Is good enough the enemy of vaguely better?

There is no question that with Semantic Web technologies we could produce a "better" Knowledge Web. The open question is how much better it would be. If a real user were to query a Semantic Web database how much better would the query results really be? The answer is unknown because it would all depend on the nature of the query processing infrastructure, the forms of inference and "reasoning" that are implemented, and how the database is structured. All of those aspects are continuing to evolve and as of today none of that infrastructure is in place in a form to perform queries comparable to even a simple Google query. Sure, we believe the results would be better, but that's about the strongest statement we can make today.

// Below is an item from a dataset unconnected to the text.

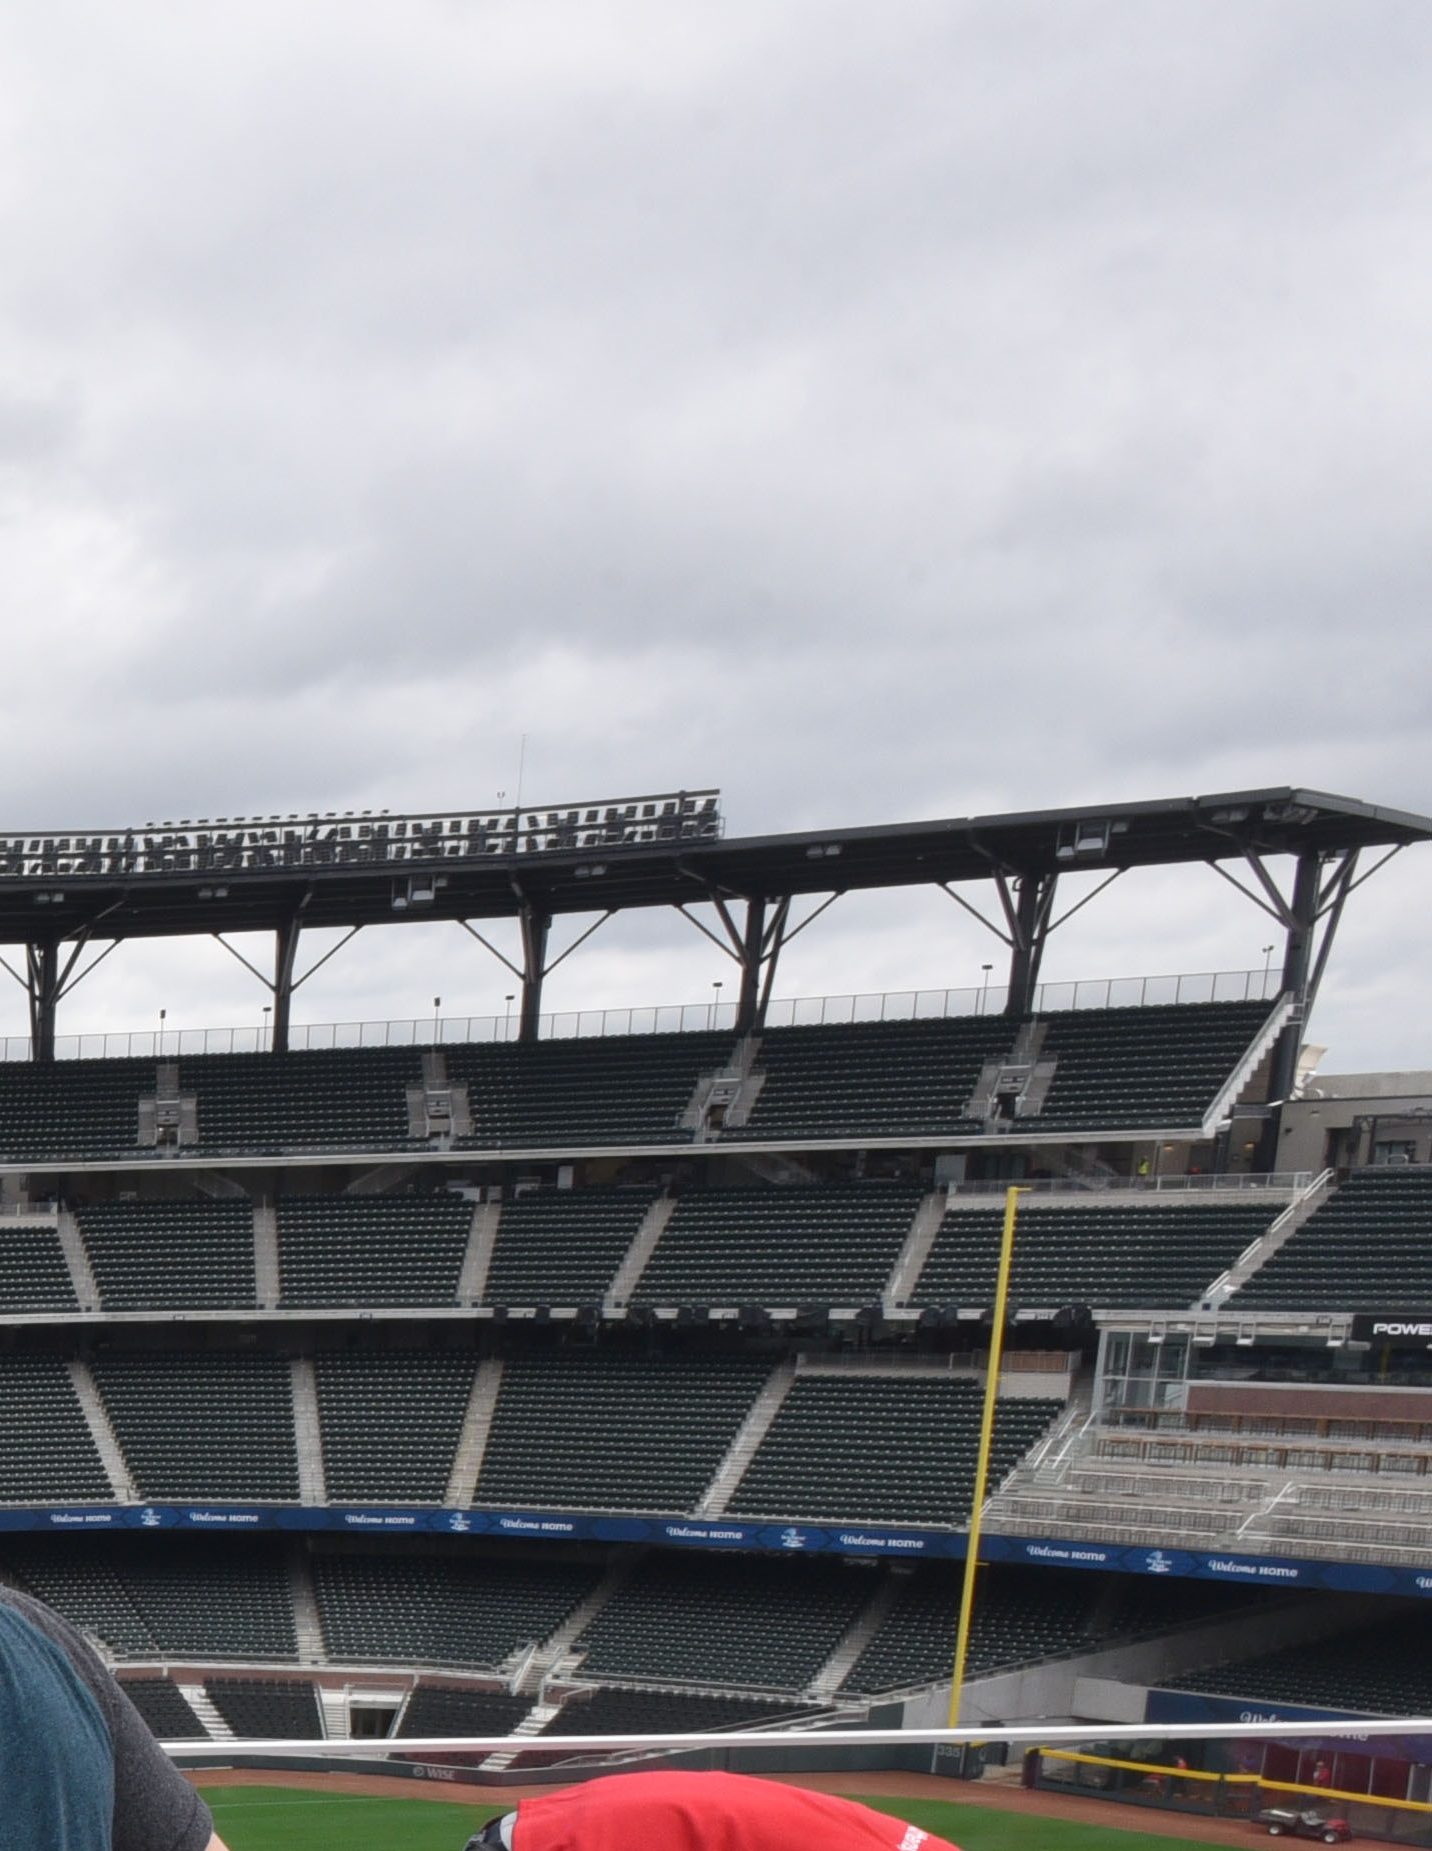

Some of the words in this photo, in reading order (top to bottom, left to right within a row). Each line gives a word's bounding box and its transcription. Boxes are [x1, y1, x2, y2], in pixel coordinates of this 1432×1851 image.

Just this morning I was following a discussion on a Semantic Web email list and David Huynh made the statement:

It's a case of "good enough is the enemy of vaguely better", unfortunately.

So, yes, we know that queries to the Semantic Web will be better, but our degree of specificity in how much better is clearly vague. In the face of a radically different approach that is completely unproven, it is not uncommon that "good enough" wins by default.

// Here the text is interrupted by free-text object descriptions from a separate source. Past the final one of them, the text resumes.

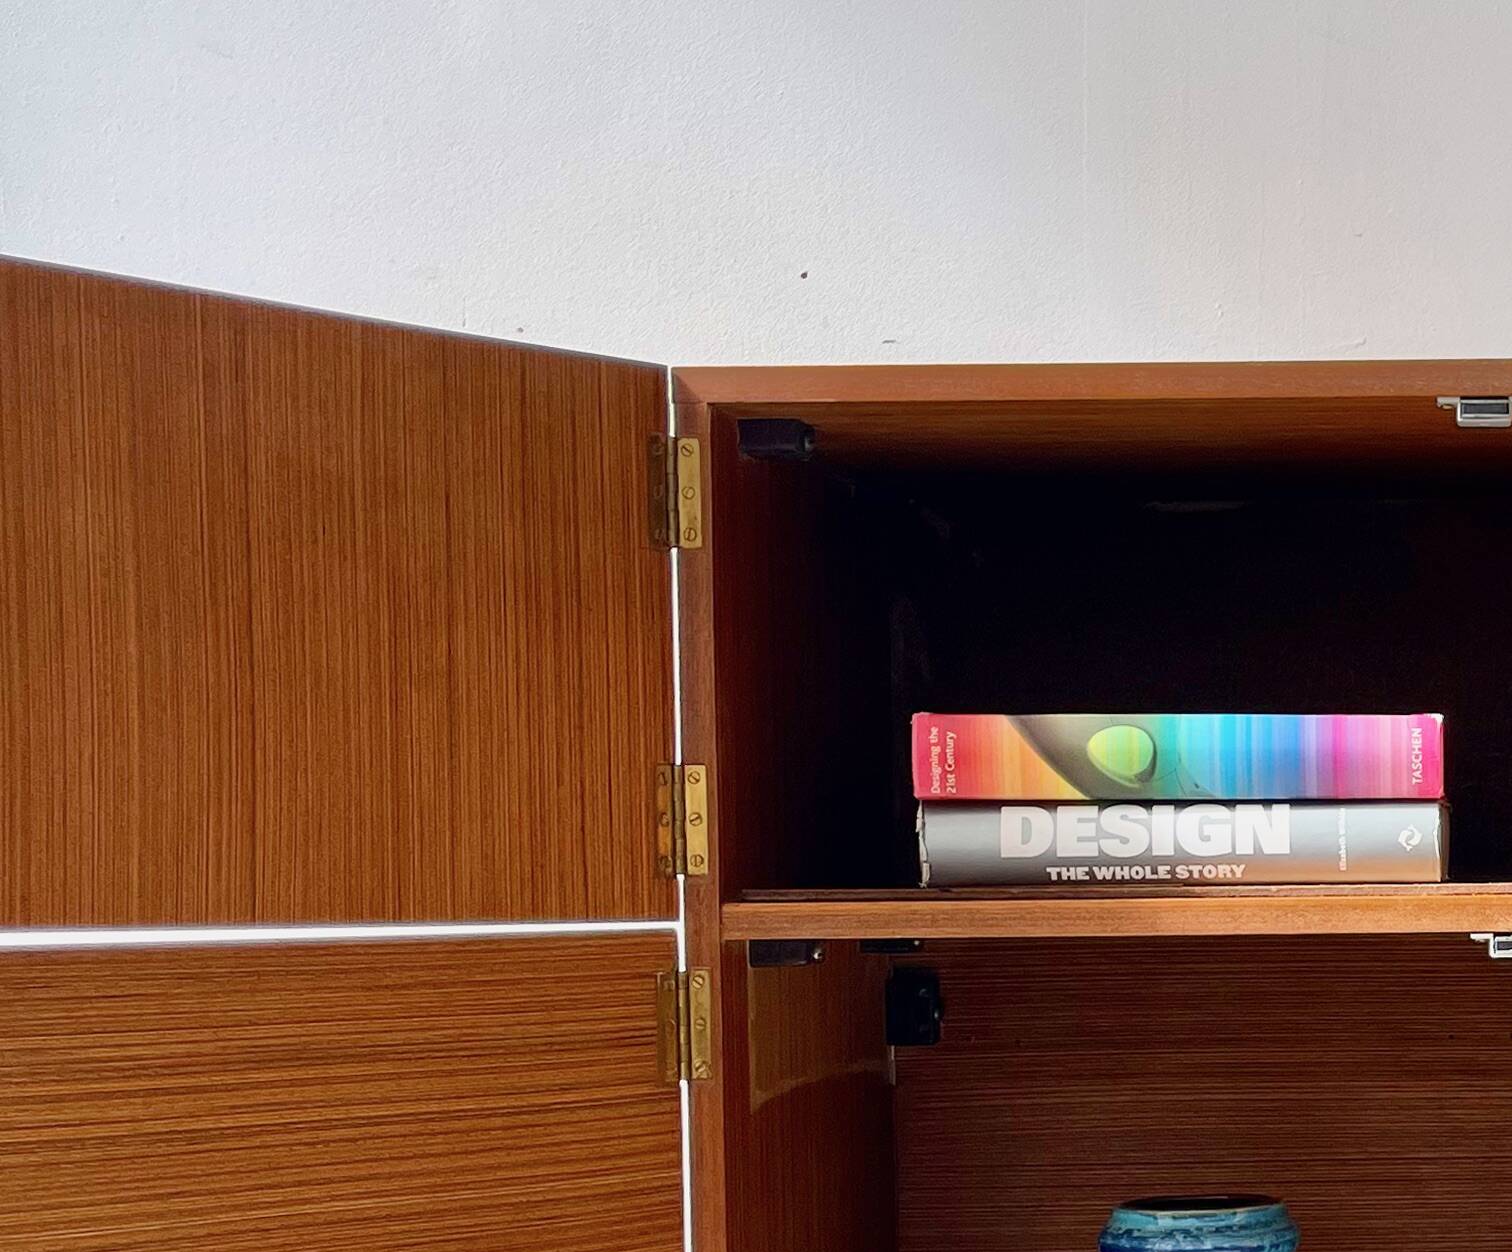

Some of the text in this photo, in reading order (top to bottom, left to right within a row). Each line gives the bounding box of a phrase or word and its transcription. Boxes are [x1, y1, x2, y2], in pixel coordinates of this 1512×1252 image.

[928, 726, 942, 794] Designing the
[944, 731, 957, 794] 21st Century
[1410, 727, 1423, 785] TASCHEN
[1000, 804, 1291, 859] DESIGN
[1046, 864, 1246, 881] THE WHOLE STORY

Interestingly, Microsoft's new Bing "decision engine" might have to deal with this same issue. Even if their results for many queries are actually "better", the question is whether overall their results are so clearly better that Google's "good enough" will not carry the day. A big unknown, but that is the nature of introducing innovation.

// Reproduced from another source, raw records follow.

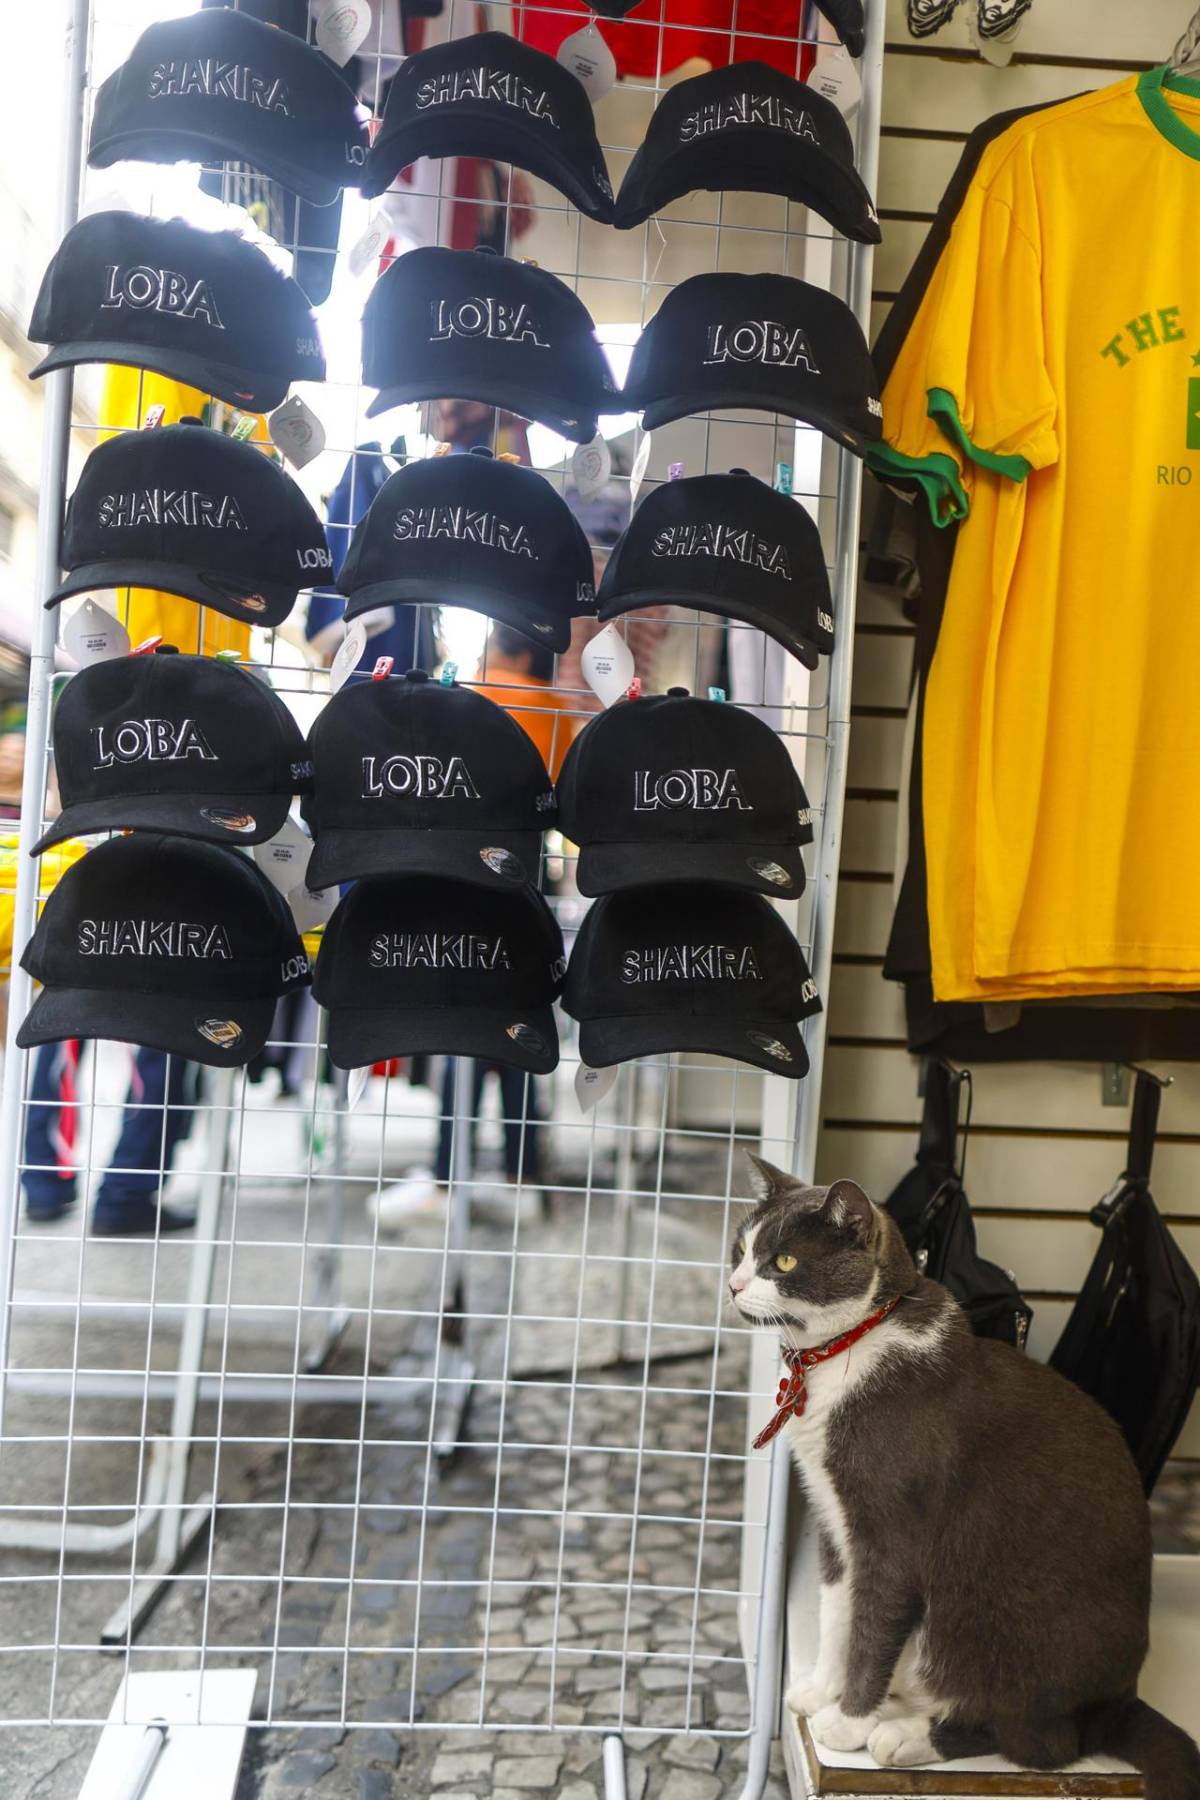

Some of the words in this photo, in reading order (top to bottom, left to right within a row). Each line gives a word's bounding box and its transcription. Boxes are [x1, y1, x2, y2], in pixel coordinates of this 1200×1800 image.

[147, 58, 295, 118] SHAKIRA
[415, 65, 560, 129] SHAKIRA
[679, 92, 821, 146] SHAKIRA
[101, 265, 224, 330] LOBA
[429, 296, 551, 348] LOBA
[703, 320, 822, 375] LOBA
[1100, 306, 1186, 368] THE
[1157, 465, 1192, 486] RIO
[97, 488, 249, 531] SHAKIRA
[392, 505, 539, 561] SHAKIRA
[651, 523, 793, 581] SHAKIRA
[90, 718, 219, 770] LOBA
[361, 754, 482, 800] LOBA
[633, 768, 753, 811] LOBA
[78, 919, 233, 960] SHAKIRA
[369, 933, 514, 971] SHAKIRA
[619, 944, 764, 984] SHAKIRA

I myself often user a similar metaphor for the greater success of Microsoft-based PCs compared to Apple Macs: Maybe the Mac is better, but if the PC is "good enough" what does it matter if the Mac is somewhat "better"?

The real goal of a true Knowledge Web is that intelligent agents can do a lot more of our tasks for us. The risk today is that even if we succeeded in building such a knowledge web, the actual and perceived benefits relative to the costs and radical shift in mindset required to use such a web and agents might result in a similarly vague relative benefit in comparison with existing "good enough" approaches.